The bank’s Employment Sentiment Index — which is based on a survey of households’ outlook for jobs — declined to 33.1 in the final three months of this year, worse than the prior quarter’s record low dating back to when data began in 2010.
Figures below 50 represent a contraction in the sector.
The Income Confidence Index — a gauge measuring expectations for income in the following three months — slid to 44.4, another record low dating back to 2001, the report said.
The report’s findings are based on a central bank survey of 20,000 depositors across the country, taken every quarter.
The survey underscored how much damage was done to Chinese households this year as the economy faltered amid a property slump, along with restrictions due to outbreaks of COVID-19.
The October-to-December survey added to already-grim data from the third quarter, which also measured weak prospects for jobs and housing.
The Chinese government has in the past few weeks rapidly pivoted away from its “zero COVID-19” strategy, with quarantine for inbound travelers — the last major curb remaining — to be scrapped in the next couple of weeks.
However, while economic activity is expected to rebound, it is unclear how quick that would happen given the spread of infections and the weakness in confidence.
Unlike advanced economies such as the US, China has refrained from handing out subsidies directly to residents during the pandemic.

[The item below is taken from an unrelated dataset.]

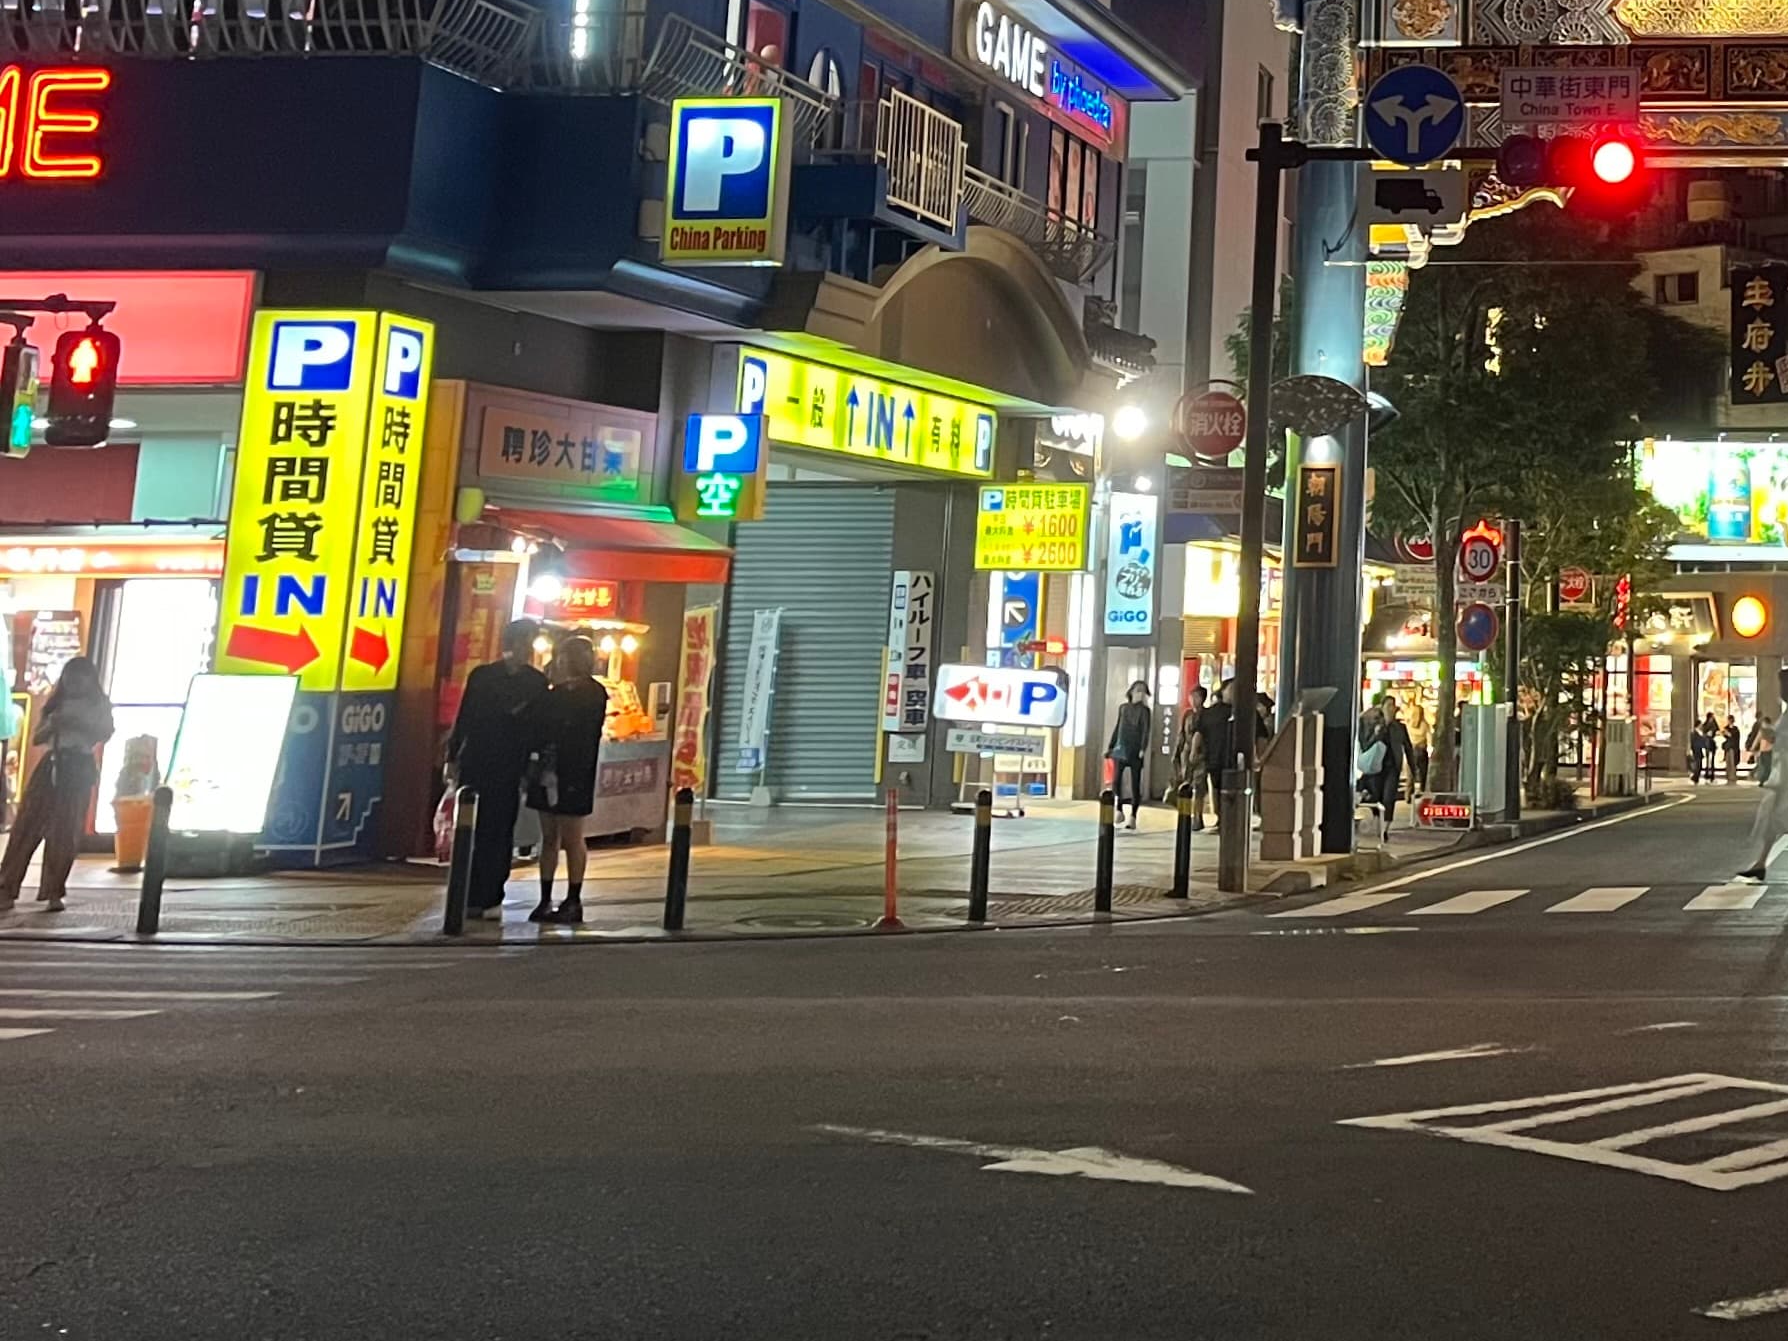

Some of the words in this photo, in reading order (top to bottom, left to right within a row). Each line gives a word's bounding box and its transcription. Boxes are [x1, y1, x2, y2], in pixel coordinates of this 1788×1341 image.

Housing market confidence also continued to deteriorate in the fourth quarter, even as the government stepped up efforts to rescue the sector.
Only 14 percent of respondents to the central bank’s survey expected home prices to rise next quarter — another fresh low in data going back to 2010.
There were 18.5 percent who expected home prices to fall, the highest proportion since 2012.
Only 16 percent of respondents said that they planned to buy a home in the next three months, down from 17.1 percent in the previous quarter.
Nearly 62 percent said that they were saving more, up from 58 percent, the survey showed.
Another central bank survey showed business conditions and export orders among industrial companies in the final three months of the year deteriorated to the worst level since the second quarter of 2020.
Meanwhile, domestic orders weakened from the previous quarter, based on indices compiled from the survey of more than 5,000 firms.
Overall loan demand in the economy improved slightly, with a corresponding subindex rising to 59.5 in the fourth quarter from 59 in the previous quarter, a People’s Bank of China survey of 3,200 bank representatives showed.